After the advent of the cloud, the cloud tools you use are another form of abstraction. When you ask to deply an application to GCP cloud, it spawns your cloud computing system, creates your databases, sets up your networking, etc. This is infrastructure abstraction.
Key principles of abstraction
DRY – Don’t Repeat Yourself – Eliminate repetition of software patterns. Redundancies are okay, as far as performance enhancements go, but don’t repeat your code everywhere as maintenance and technical debt will build up.
WET – Write Everything Twice – only if that’s the best way to solve your problem.
AHA – Avoid Hasty Abstractions – sometimes the best way is to not abstract at all.
MASK – End users do not need to know the complexities. Hide it from them.
Abstraction of Datasources and APIs
In today’s world, there are many different types of data sources. You have the SQL data sources, legacy systems, no SQL data sources, the graph DPS, the influx time series databases, ERPs, etc. So, having a system that can effectively talk to all of these data sources without understanding the underlying semantics would be a big challenge. This is one of the key challenges regarding data source abstraction.
When you build a product, you have to talk to many different types of data sources. So there’s a need to interface with data sources. Every product has its way of dealing with this. Essentially, it boils down to four aspects of data source abstraction.
Four aspects of Datasource Abstraction
Unification – you need to unify your data by bringing multiple data sources together. You must provide a singular language through which you can talk to all of your different types of data sources.
Fortification – You must fortify your data sources by wrapping them in a governance layer. You must govern your data sources through a single data access layer with policy-driven access control at API, row, and field levels.

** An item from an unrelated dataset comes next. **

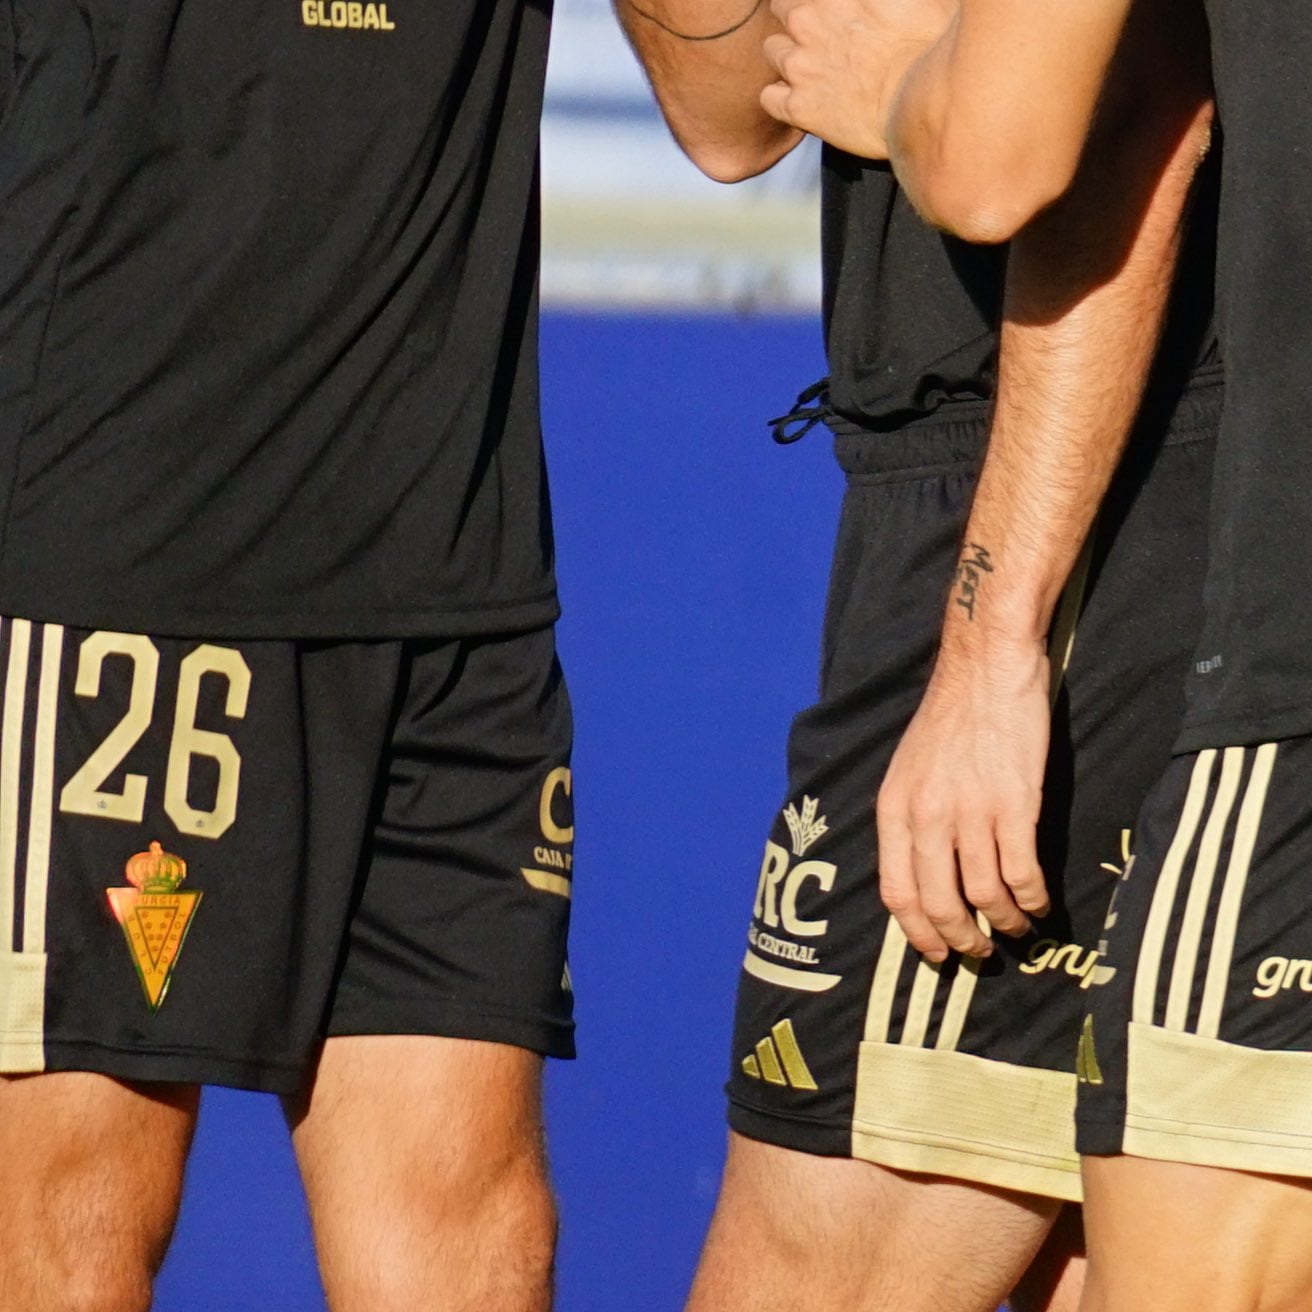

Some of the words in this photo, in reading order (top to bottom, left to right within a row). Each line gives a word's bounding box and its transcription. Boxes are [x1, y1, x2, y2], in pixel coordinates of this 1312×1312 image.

Restification – Provide a Restful API interface with the flexibility of GraphQL. Perform CRUD operations on data sources.

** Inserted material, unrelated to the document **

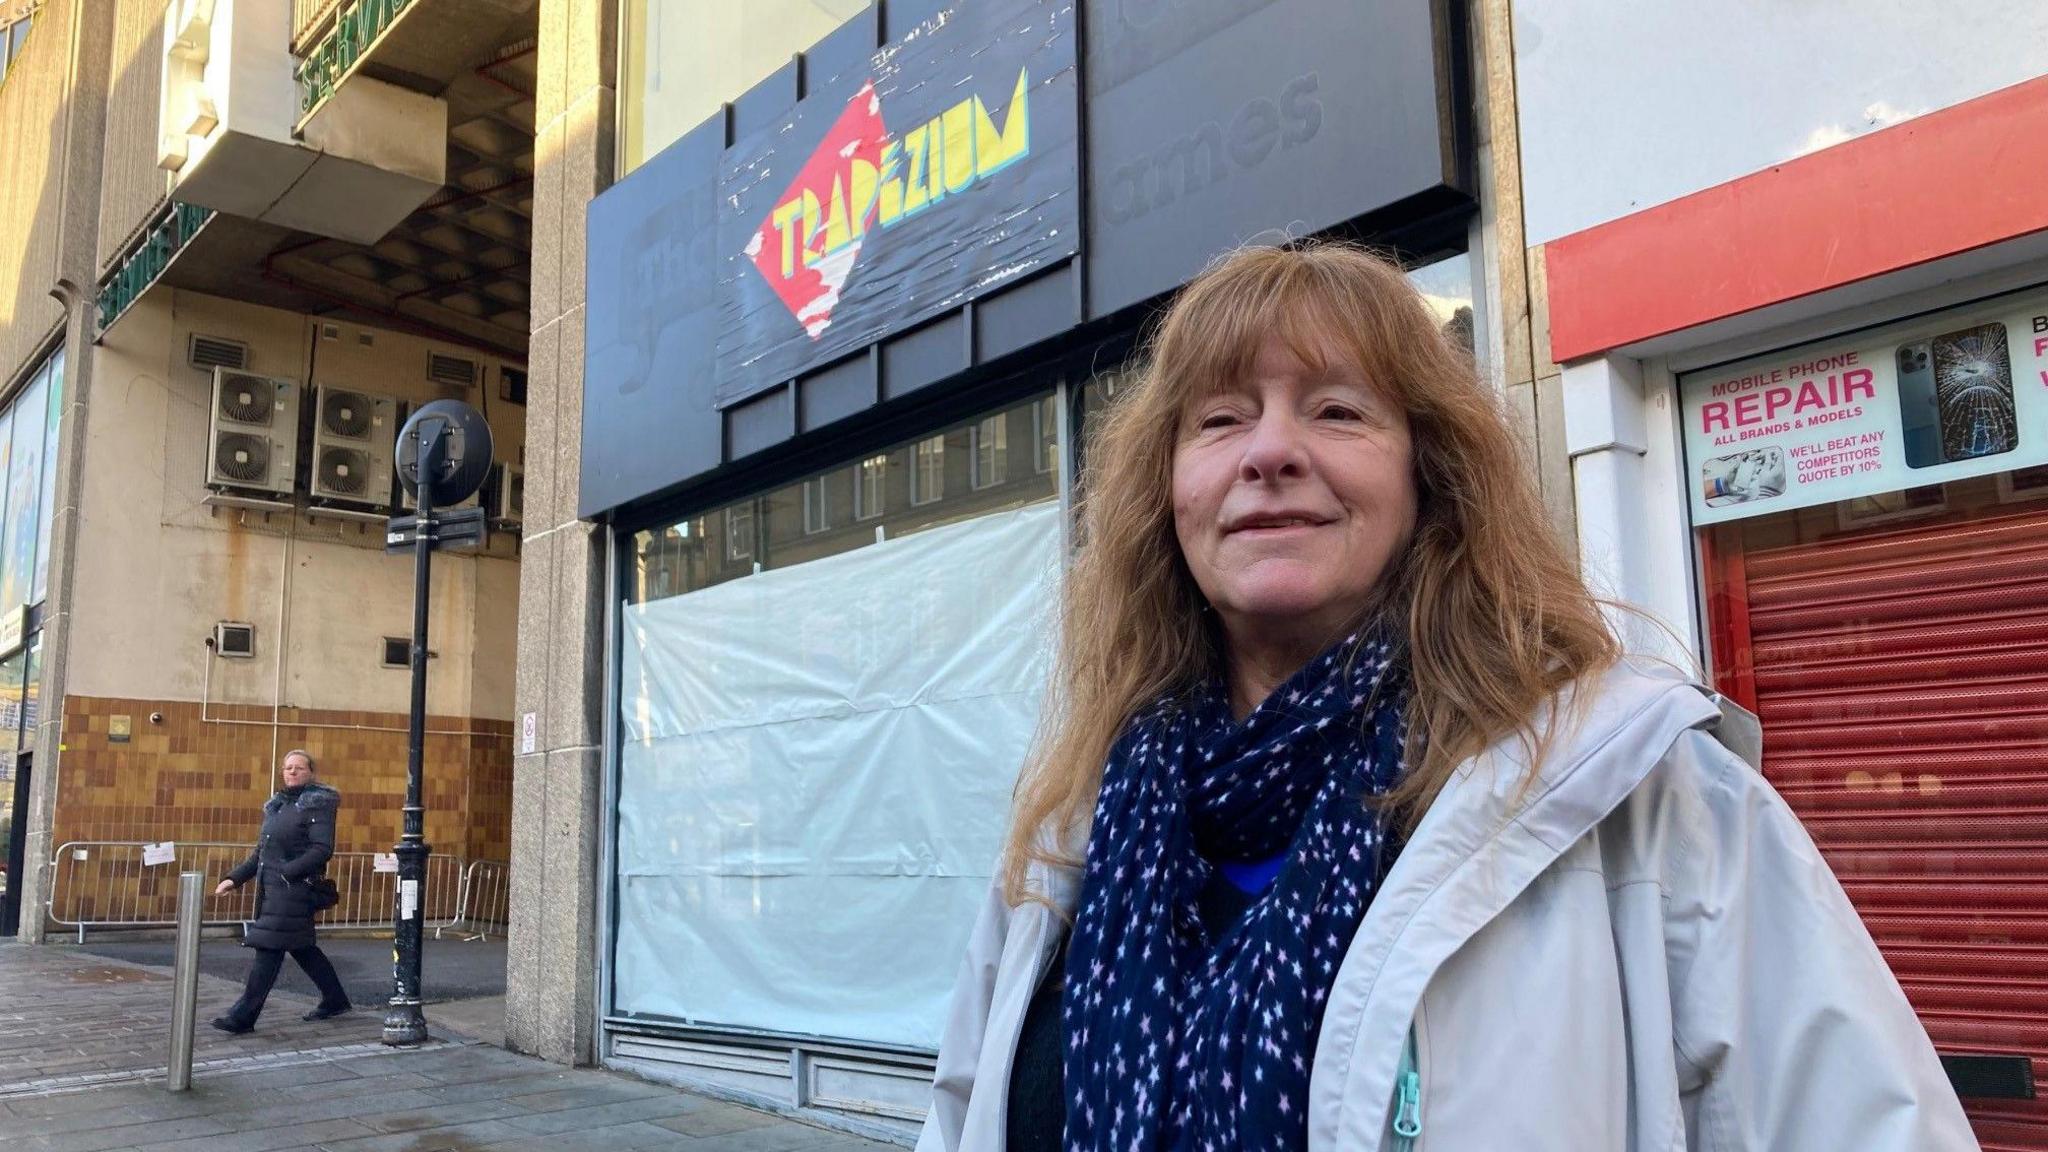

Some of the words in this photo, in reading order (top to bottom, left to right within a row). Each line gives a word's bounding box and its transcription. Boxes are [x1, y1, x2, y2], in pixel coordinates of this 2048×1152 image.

Democratization – Data is useful only if it is shared. So you need to democratize your data. Propagate data securely across disparate systems seamlessly based on an event, a schedule, or adhoc.
API Building Lifecycle
The API building lifecycle is very complex. The steps are as follows –
- Identify a data source
- Setup API infrastructure
- Write code to define API
- Write code to define security policies
- Use SDKs to inject code to extract documentation.
- Create separate repositories for code versioning.
- Plan and perform testing of APIs
- Deploy the APIs
An API-Driven Data Abstraction Platform needs to support API building, not just defining or documenting APIs.
API building on the fly is a key ingredient of API driven data abstraction platform. It has to be able to connect to major data sources that are in use today. At the same time, it has to keep up with newer data sources that keep getting spawned daily. We must keep up to date on the developments in the data world. This is where the community-driven character model comes in very handy. Auto-discovery of resources from databases is important. The availability of customization is important for advanced users. So whenever you make changes, you need to ensure backward compatibility so that existing API consumers don’t have a negative impact.
Always have SSL support and a multi-tiered security model.
API Management is necessary to ensure that APIs are not scattered. You can either build your solutions or use an available product.
And last but not least are data management and governance capabilities.
Benefits of API-Driven Data Abstraction
- Faster API Releases – Rapid API development and testing allow frequent releases to your customers.
- TCO Reduction – Massive savings in API development and infra costs
- Operational Efficiency – Manage data democratization and governance and all your data pipeline activities using one platform.